Главной заботой де Витта, как показывают его письма, было смягчение интеллектуальных трений и поиск «мирного» решения проблемы. Но, действуя в рамках этого контекста, он проводил в основе своей «картезианскую» стратегию, тесно сотрудничая с Хейданом на протяжении всего рассматриваемого периода. Картезианцы на данное время находились в сравнительно сильной позиции. Южноголландский синод оказался расколот, некоторые его члены были «умеренными», пользуясь излюбленным теологическим термином де Витта, или, по крайней мере, восприимчивы к «умеренным» аргументам. Более того, кураторы Лейденского университета поддержали Хейдана, опровергнув утверждение гаагского классиса, что профессора безнадежно разошлись во мнениях по поводу картезианства, или что в Лейденском университете теология отныне была служанкой философии — а не наоборот, как в прошлом{984}. Хейдан также заручился поддержкой своего коллеги Кокцеюса, понимавшего, что воэцианская атака на картезианскую философию была тесно связана с наступлением против кокцеянской теологии{985}. Де Витт желал защитить свободу философских исследований и самих философов от цензуры проповедников и синодов; но придерживался точки зрения, что для достижения этой цели Штатам нужно принудительно разделить философию и теологию, подразумевавшиеся в картезианском учении.
Тогда как Хейдан и Кокцеюс, вместе с де Виттом, желали, чтобы Штаты Голландии своим эдиктом отделили теологию от философии, третий профессор теологии Лейденского университета, Иоганн Хорнбек (1617-66 гг.) яростно противился этому, настаивая, что в Лейдене следует преподавать только аристотелевскую философию и науку. Но, к немалому облегчению де Витта и Хейдана, Хорнбека убедили формально не противоречить общему решению лейденского факультета теологии, так что Штаты Голландии смогли издать постановление в соответствии с «рекомендацией» всего университета{986}. Все голландские городские советы одобрили проект эдикта, за исключением оранжистского Лейдена, который энергично выразил свой протест, несмотря на то, что де Витт тактично описал текст эдикта в письме к лейденскому бургомистру как направленный на «пресечение нарушения свободы философских исследований в ущерб истинной теологии и Святому Писанию»{987}. Эдикт, принятый в октябре, объявлял, что философия и теология являются отдельными отраслями науки, но в тех случаях, когда их сферы пересекаются и между теологической и философской истиной возникают очевидные расхождения, профессора философии должны проявлять уважение к теологии и воздерживаться от спорной интерпретации Писания «согласно своим принципам». Южноголландский синод принял формулировку де Витта в качестве способа сохранения единства в университетах и Церкви и предотвращения пагубных расколов{988}, хотя Хорнбек и многие другие считали, что указ лишь для вида подчинял философию теологии, и что основным его пунктом было отделение и, следовательно, освобождение философии от «опеки» над ней теологии.

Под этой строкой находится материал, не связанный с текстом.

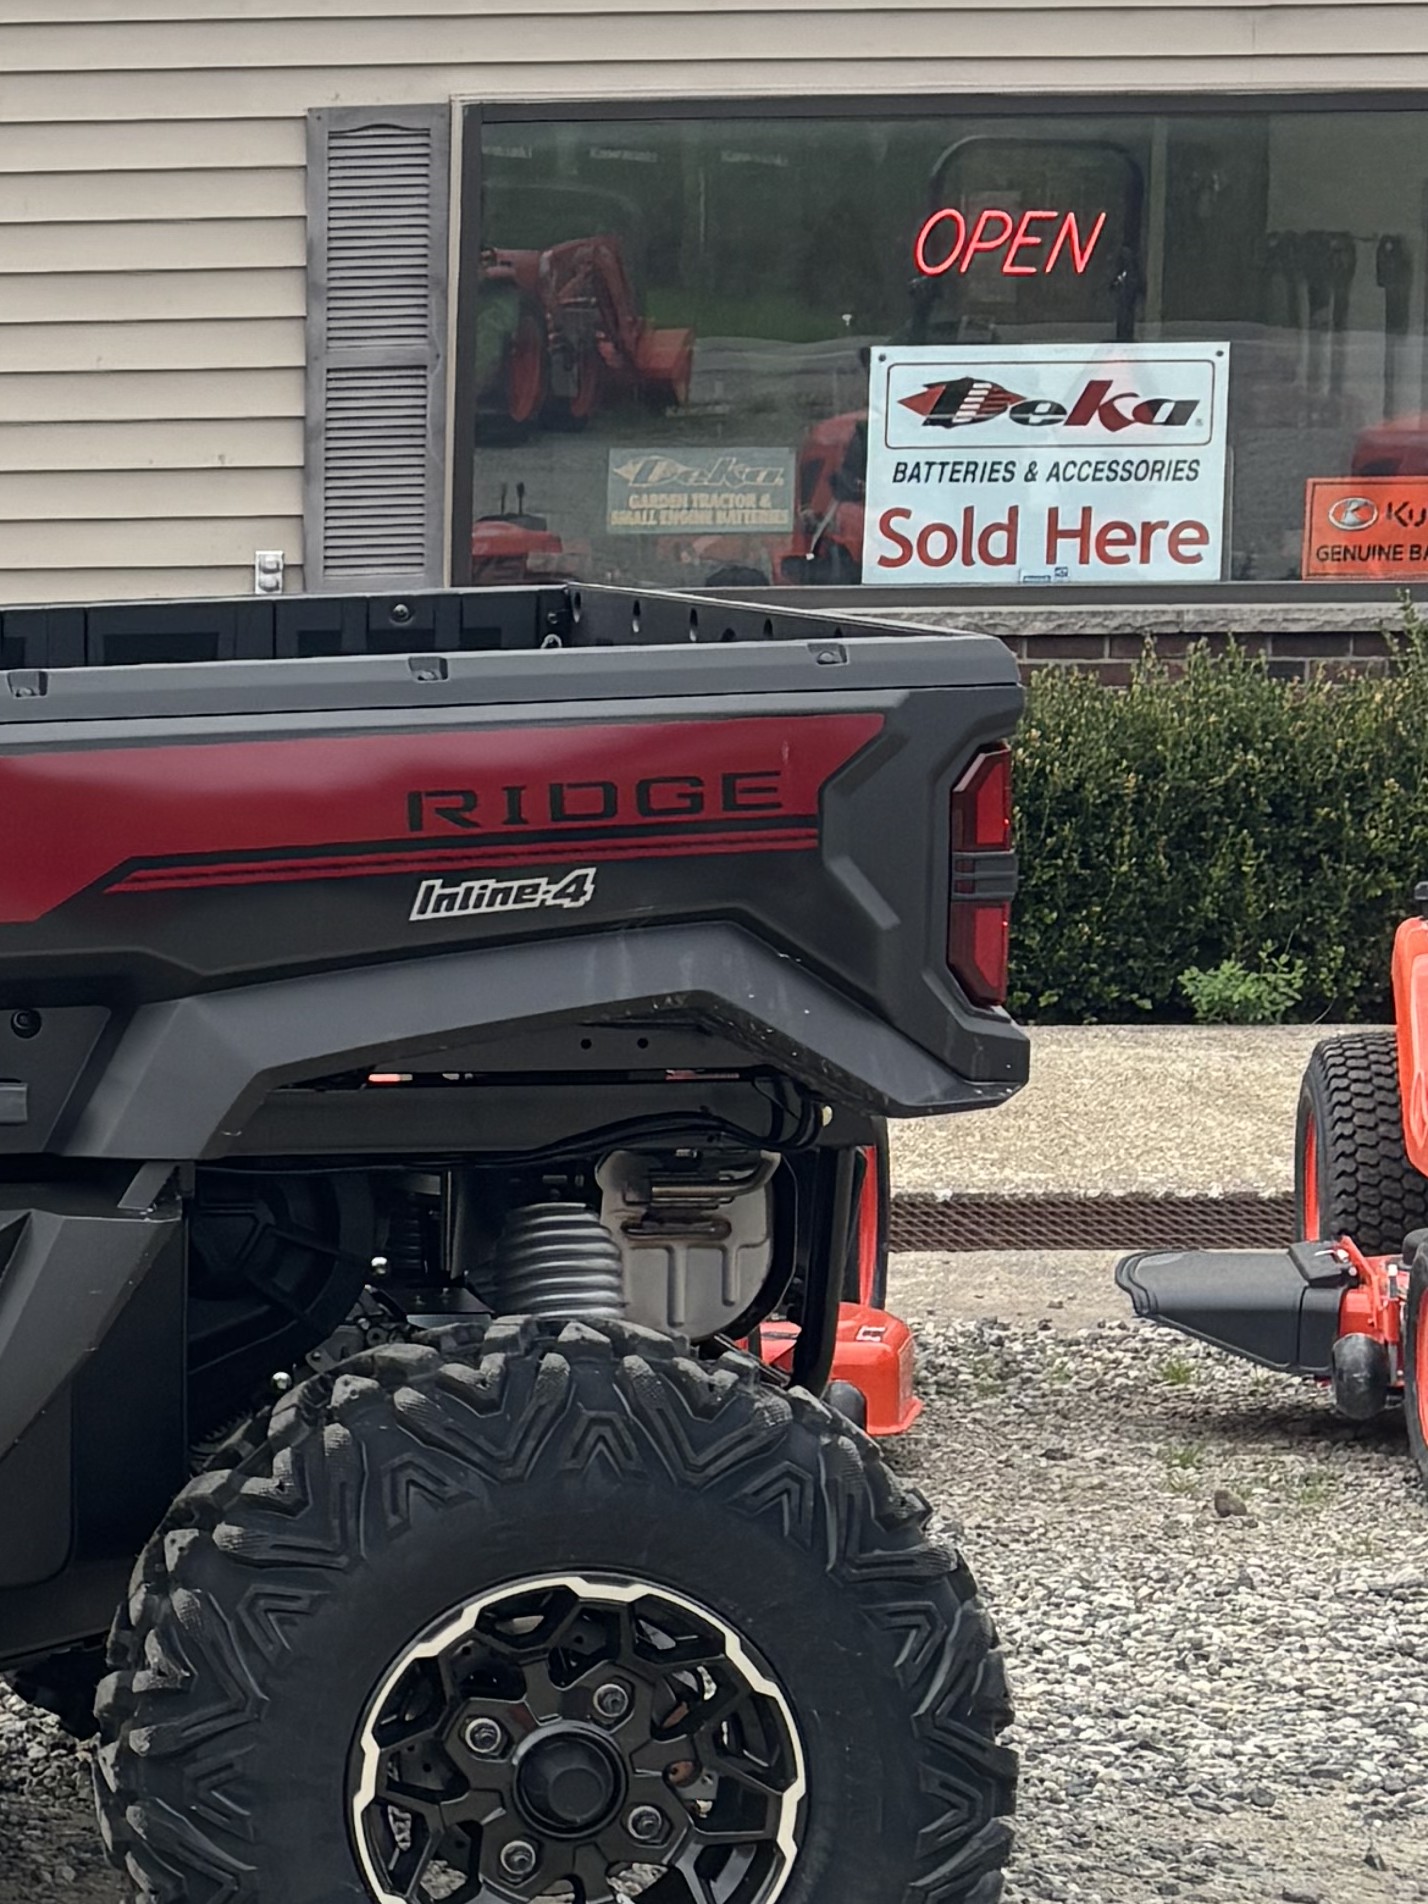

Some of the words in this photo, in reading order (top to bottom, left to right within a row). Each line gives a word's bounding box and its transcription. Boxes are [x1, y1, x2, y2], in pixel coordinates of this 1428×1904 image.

Кураторы Лейденского университета разослали копии указа шести профессорам теологии и философии, призвав их 8 января 1657 г. подписать и поклясться соблюдать его условия. Три теолога — Хейдан, Кокцеюс и Хорнбек — и три философа — де Рэй, Херебордт и Борний — так и сделали{989}. Всё это привело к устранению препятствий на пути преподавания и обсуждения картезианской философии и науки, при условии избегать прямых отсылок к Декарту и его книгам и обсуждения проблематичных мест в Писании. Принудив теологов и философов разделиться и смягчив их полемику, де Витт, по сути, пресек все попытки запретить картезианскую философию и ограничить свободу философских исследований в университетах.

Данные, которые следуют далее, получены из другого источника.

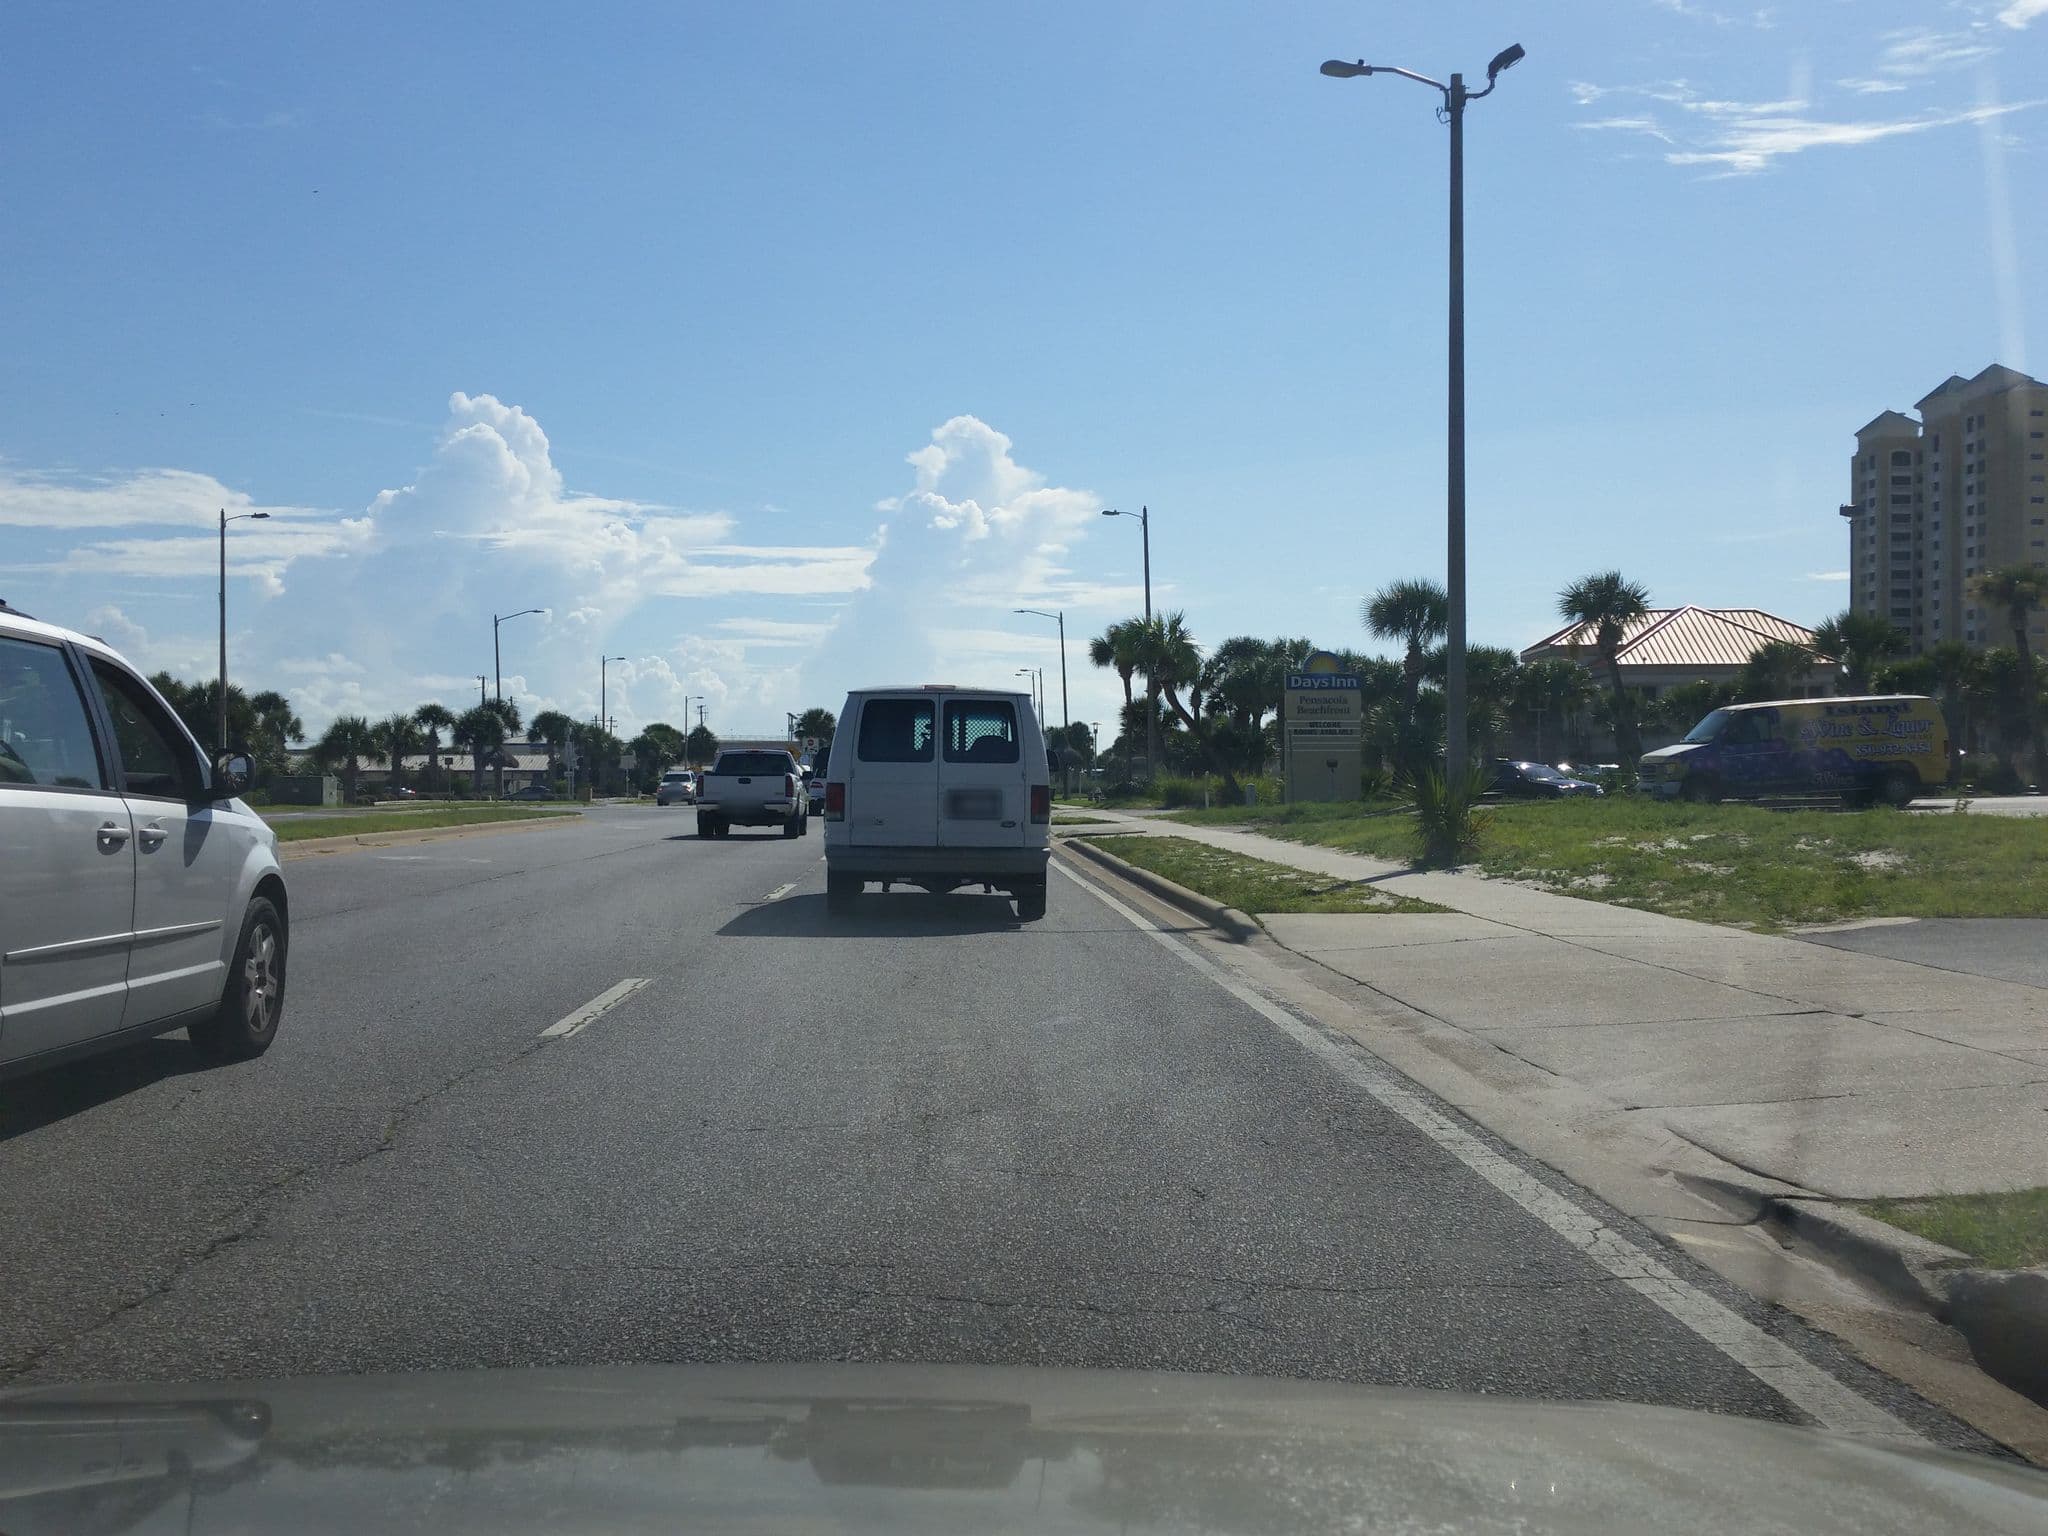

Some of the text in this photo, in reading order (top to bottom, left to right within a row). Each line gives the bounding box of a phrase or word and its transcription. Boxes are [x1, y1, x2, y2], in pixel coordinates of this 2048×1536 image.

Между 1657 и 1672 гг. картезианские споры в Лейдене и Утрехте перешли в более спокойную фазу, но стали более бурными в Гелдерланде, Гронингене и, особенно, Фрисландии. В 1653 г. Вельтхёйзен утверждал, что картезианская философия доминировала в Гронингене, как в Лейдене и Утрехте, открыто преподавалась в кальвинистском университете Дуйсбурга, и что «Высшая школа» в Неймегене санкционировала картезианство, назначив годом раньше у себя Виттихия профессором теологии{990}. Вокруг Виттихия в конце 1650-х гг. в Гелдерланде поднялась шумная кампания, но синод Гелдерланда в 1660 г. решил дело в его пользу{991}. Напротив, во Фрисландии картезианство начало распространяться в университетской среде только после назначения неоднозначного Йохана Виббемы профессором теологии во Франекере в 1666 г. Лекции Виббемы вызвали сильную антикартезианскую реакцию среди проповедников, и в апреле 1668 г. классис Лейдена объявил картезианскую философию угрозой для веры и учебы, требуя принятия провинциального «reglement», запрещавшего картезианство в провинции и обязывавшего кандидатов на занятие кафедр проповедников приносить формальное отречение от списка запрещенных картезианских тезисов{992}.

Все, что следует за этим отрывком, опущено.